Em 2005, ganhou o Hutúz, importante prêmio do rap, com o grupo A-TAL. Depois disso, Luana Hansen foi parceira do Samba de Rainha e rodou o Brasil inteiro cantando com Rodriguinho, do grupo Os Travessos. Em 2012, assumiu o sobrenome de origem alemã, montou um estúdio em casa, gravou seu primeiro disco solo e virou presença certa em eventos feministas, marchas de protesto e ocupações como a Copa do Povo.

Luana tem só 34 anos, mas já viveu muitas vidas. Além de produtora musical, rapper, dj, já foi jogadora de futebol profissional, chegando a atuar fora do país. Trabalhou na padaria de um supermercado, no telemarketing, fundou ONG, foi traficante, usuária e, na época de seu vício em crack, chegou a morar nas ruas do centro de São Paulo. Fez nu artístico, participou do documentário 4 minas, de Elisa Gargiulo, do filme Antônia de Tata Amaral e, hoje, é também atriz no projeto Escola em Trânsito, do grupo de teatro XPTO. Ufa!

Sendo alguém tão interessante, também não passou desapercebida por figuras político-partidárias que buscam seu apoio para as próximas eleições, em outubro.

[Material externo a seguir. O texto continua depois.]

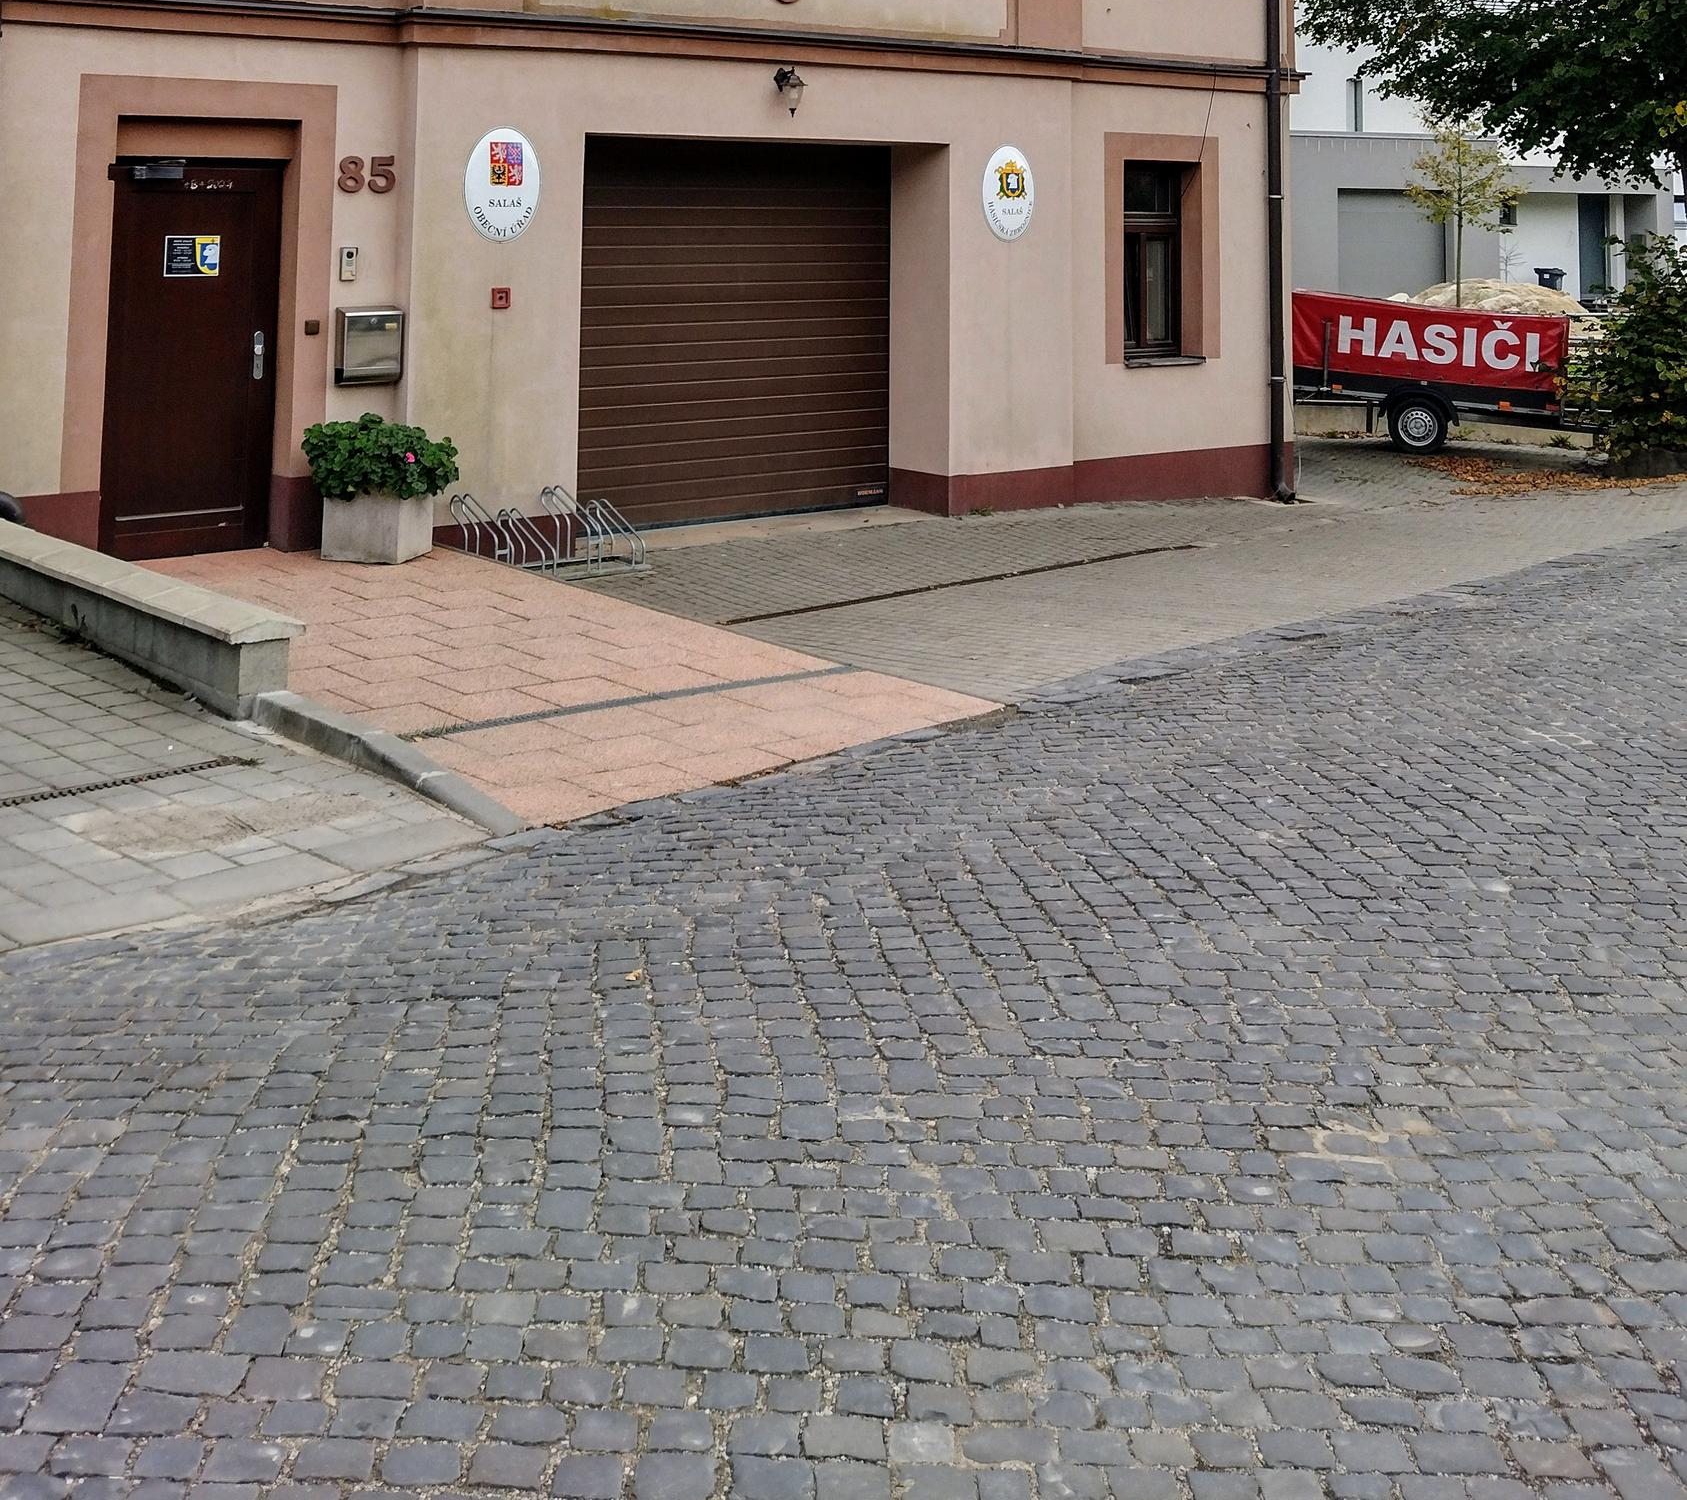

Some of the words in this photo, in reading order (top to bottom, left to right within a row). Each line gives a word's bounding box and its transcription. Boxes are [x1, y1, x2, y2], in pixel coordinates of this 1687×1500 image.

E, em todas as fases e faces de sua vida, Luana sempre foi lésbica assumida e brigou contra pessoas e atitudes machistas e lesbofóbicas. Um exemplo é a música “Flor de mulher” escrita em resposta à malfadada “Trepadeira”, do Emicida.

No caminho para a casa dela, enumerando todas essas coisas, não sabíamos nem por onde começar a entrevista. Mas, assim que chegamos, nos sentimos à vontade pra falar de qualquer coisa. Além de toda essa biografia, Luana, assim como Drika, é muito gente boa. A pit bull (Mari) Juana deitou no meio da roda e ficou escutando a nossa conversa de barriga pra cima, a tarde toda.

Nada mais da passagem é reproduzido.